Pantoja recorded the song idea on a cassette, which was delivered by hand to Roxanne Seeman in Los Angeles, to write the lyrics. Seeman wrote the lyrics in Los Angeles and telephoned them to Pantoja, for Chet Baker to record in Brasil, while Baker was in Rio de Janeiro to perform in the Free Jazz Festival, 1985.

== Composition and style ==
In an LA Times interview, Pantoja described his style of composition as a mix of "Brazilian rhythm with a jazz feeling" with "some room for improvisation." Luís Nassif of GGN called Baker a "romantic...owner of a fragile, delicate, almost whispering voice." Baker's style of singing was said to have influenced the Brazilian style.  Gerry Peary, Entertainment News Service wrote: "Weber recalled a birthday party he attended, where Baker sat in on trumpet behind an awed, suddenly timid vocalist, Astrud Gilberto."

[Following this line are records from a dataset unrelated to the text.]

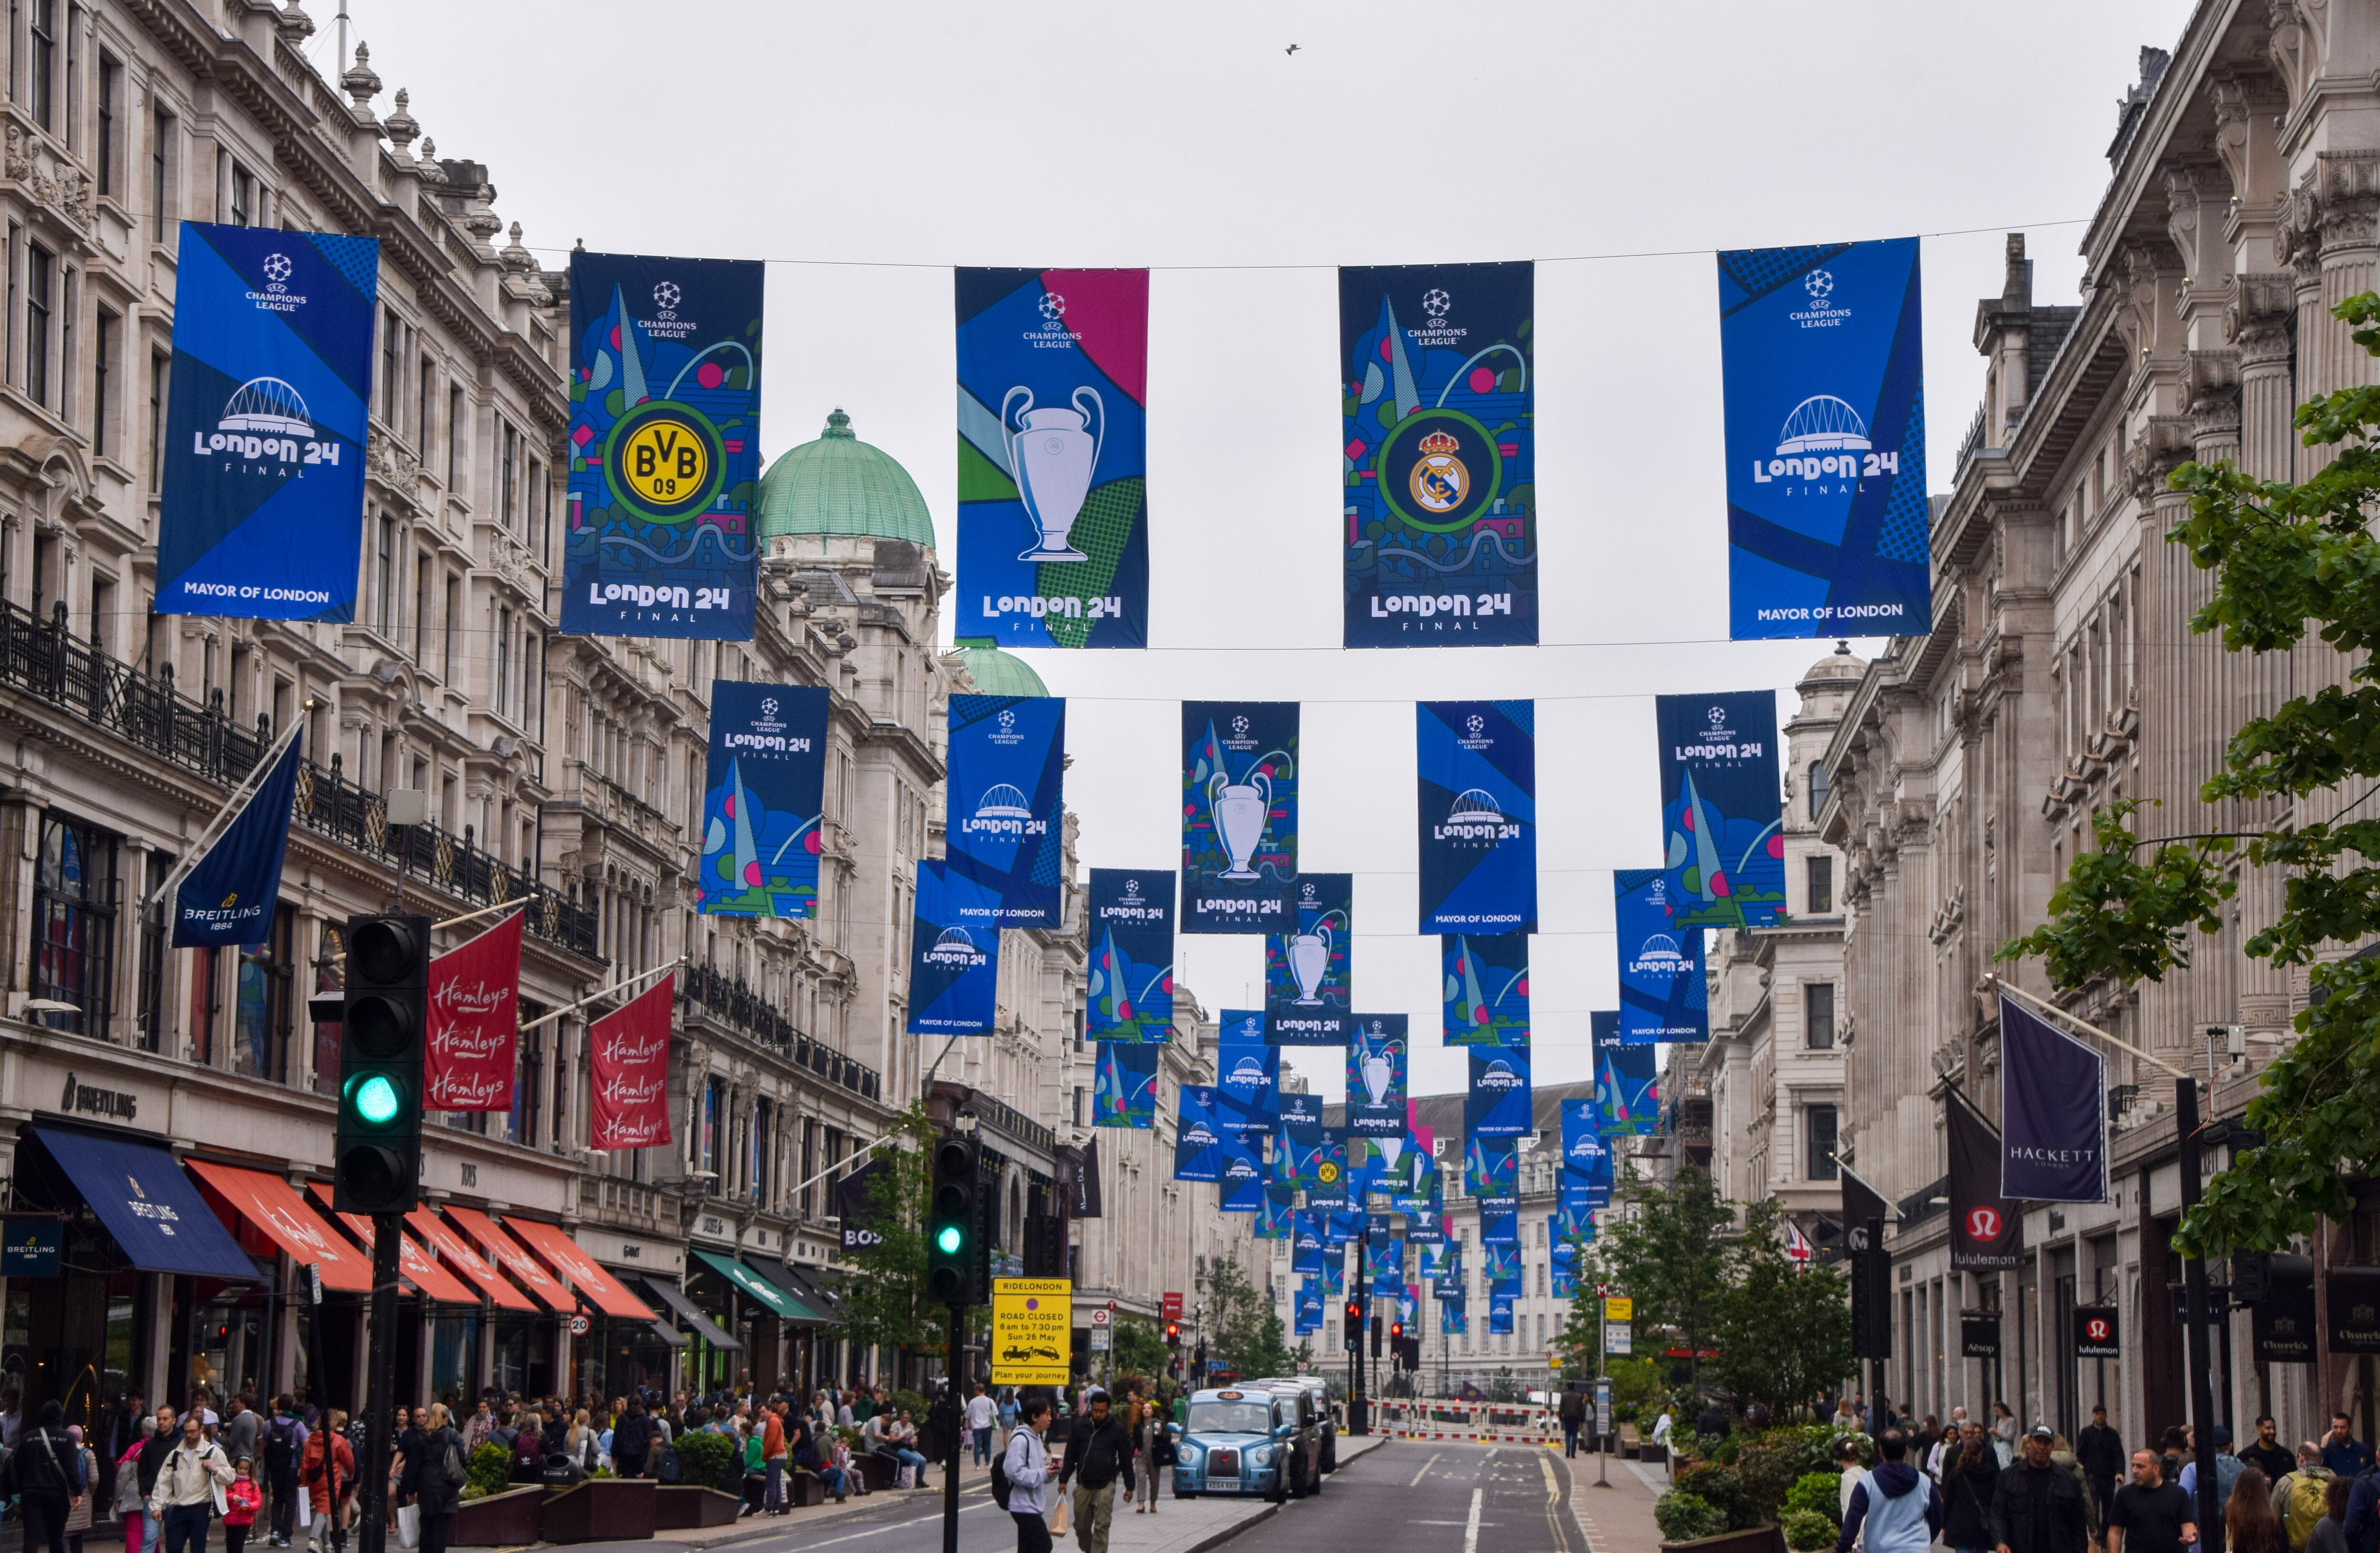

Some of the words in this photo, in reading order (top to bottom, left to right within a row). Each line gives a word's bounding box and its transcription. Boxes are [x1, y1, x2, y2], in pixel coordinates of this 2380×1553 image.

[267, 284, 286, 294] UEFA
[246, 292, 307, 304] CHAMPIONS
[256, 301, 296, 311] LEAGUE
[1810, 299, 1831, 309] UEFA
[657, 311, 677, 321] UEFA
[1790, 309, 1851, 320] CHAMPIONS
[638, 320, 696, 330] CHAMPIONS
[1427, 319, 1448, 328] UEFA
[1801, 319, 1841, 329] LEAGUE
[648, 329, 686, 338] LEAGUE
[1023, 332, 1082, 340] CHAMPIONS
[1408, 329, 1467, 337] CHAMPIONS
[1418, 337, 1457, 345] LEAGUE
[304, 442, 340, 466] 24
[636, 429, 697, 479] BVB
[1863, 451, 1898, 477] 24
[226, 463, 305, 478] FINAL
[653, 478, 676, 495] 09
[1787, 483, 1864, 497] FINAL
[184, 582, 237, 597] MAYOR
[240, 586, 262, 598] OF
[265, 587, 330, 603] LONDON
[695, 588, 729, 609] 24
[1477, 593, 1511, 615] 24
[1087, 596, 1121, 619] 24
[1758, 608, 1810, 621] MAYOR
[1813, 607, 1834, 619] OF
[1836, 603, 1903, 618] LONDON
[621, 611, 695, 622] FINAL
[1014, 623, 1089, 632] FINAL
[1403, 621, 1479, 631] FINAL
[789, 738, 810, 752] 24
[743, 752, 789, 761] FINAL
[1740, 744, 1762, 758] 24
[1025, 820, 1046, 835] 24
[1498, 824, 1519, 839] 24
[1260, 899, 1281, 913] 24
[185, 905, 260, 920] BREITLING
[992, 908, 1005, 916] OF
[1006, 909, 1044, 917] LONDON
[1148, 908, 1163, 920] 24
[1436, 915, 1467, 923] MAYOR
[1468, 915, 1481, 923] OF
[1482, 914, 1521, 923] LONDON
[211, 921, 233, 931] 1884
[970, 955, 986, 966] 24
[1677, 960, 1694, 971] 24
[434, 975, 509, 1013] Hamleys
[1323, 1021, 1339, 1031] 24
[431, 1021, 505, 1060] Hamleys
[602, 1033, 664, 1063] Hamleys
[429, 1066, 504, 1106] Hamleys
[1259, 1076, 1271, 1085] 24
[1513, 1079, 1523, 1087] 24
[602, 1072, 663, 1104] Hamleys
[76, 1085, 137, 1120] BREITLING
[602, 1112, 662, 1143] Hamleys
[1388, 1119, 1399, 1128] 24
[2011, 1146, 2094, 1162] HACKETT
[1321, 1165, 1335, 1176] BVB
[128, 1201, 179, 1221] BREITLING
[1954, 1252, 2016, 1266] lululemon
[1597, 1285, 1607, 1294] M
[1028, 1313, 1064, 1321] CLOSED
[573, 1320, 587, 1329] 20
[1040, 1334, 1056, 1342] May
[2079, 1345, 2118, 1354] lululemon
[2263, 1340, 2308, 1350] Church's

Correio Braziliense described Baker's vocal style as "economic virtuosity"...with "decisive influences of bossa nova, both in the way of playing and singing"..."economically, softly, almost whispering".

== Critical reception ==
"Baker's horn work is clear bright and even upbeat.  The same goes for his vocals on 'So Hard to Know'." Arnaldo Desouteiro of Jazz Station called it a "haunting ballad". David Steinberg for the Albuquerque Journal wrote, "Baker said his phrasing as a trumpeter influenced his phrasing as a singer and had he not taken up the trumpet he may not have sang. Listeners will be pleased he got lost in his music."

== Production ==
"So Hard To Know" by Chet Baker was produced and recorded in Brazil by Chico Neves. It was recorded on 206 2" Scotch tape. The analog master tape remained unplayed for almost 30 years, at which time it was transcribed from analog to digital by Anderson Guerra at Bunker Discos, Belo Horizonte, Minas Gerais, Brazil.

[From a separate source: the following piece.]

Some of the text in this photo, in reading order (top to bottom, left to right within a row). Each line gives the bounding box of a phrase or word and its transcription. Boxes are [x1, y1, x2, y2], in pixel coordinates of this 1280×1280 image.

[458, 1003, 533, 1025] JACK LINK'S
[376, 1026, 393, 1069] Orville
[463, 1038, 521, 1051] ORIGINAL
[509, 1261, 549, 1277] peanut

== Credits and personnel ==
- Bass – Sizão Machado
- Drums – Bob Wyatt
- Piano, Synthesizer – Rique Pantoja
- Trumpet, Vocals – Chet Baker
- Producer – Chico Neves

== Let's Get Lost ==

Let's Get Lost Chet Baker documentary film directed by Bruce Weber DVD cover

Chet Baker brought "So Hard To Know" to Bruce Weber for use in the documentary while they were filming. It appears in a scene where Chet Baker is in the backseat of a convertible car, with a woman at either side, riding down the Pacific Coast Highway in California.

Let's Get Lost was released on VHS and Laserdisc in Japan on November 21, 1993. It was originally going to be released on DVD in 2007 along with an expanded version of the film's soundtrack.

The DVD was released in the UK on July 28, 2008, and in the US by on December 3, 2013. The Blu-ray was released in Italy.

Let’s Get Lost was released in France as a 2-DVD + 1-CD deluxe package. It includes the complete movie remastered in High Definition (DVD 1) plus a second DVD titled Les Compléments, with bonus extra including a making-of ("À la recherche de Chet Baker") that ends with "So Hard To Know".

=== Chain of Desire ===
"So Hard To Know" appears in the film Chain of Desire starring Malcolm McDowell.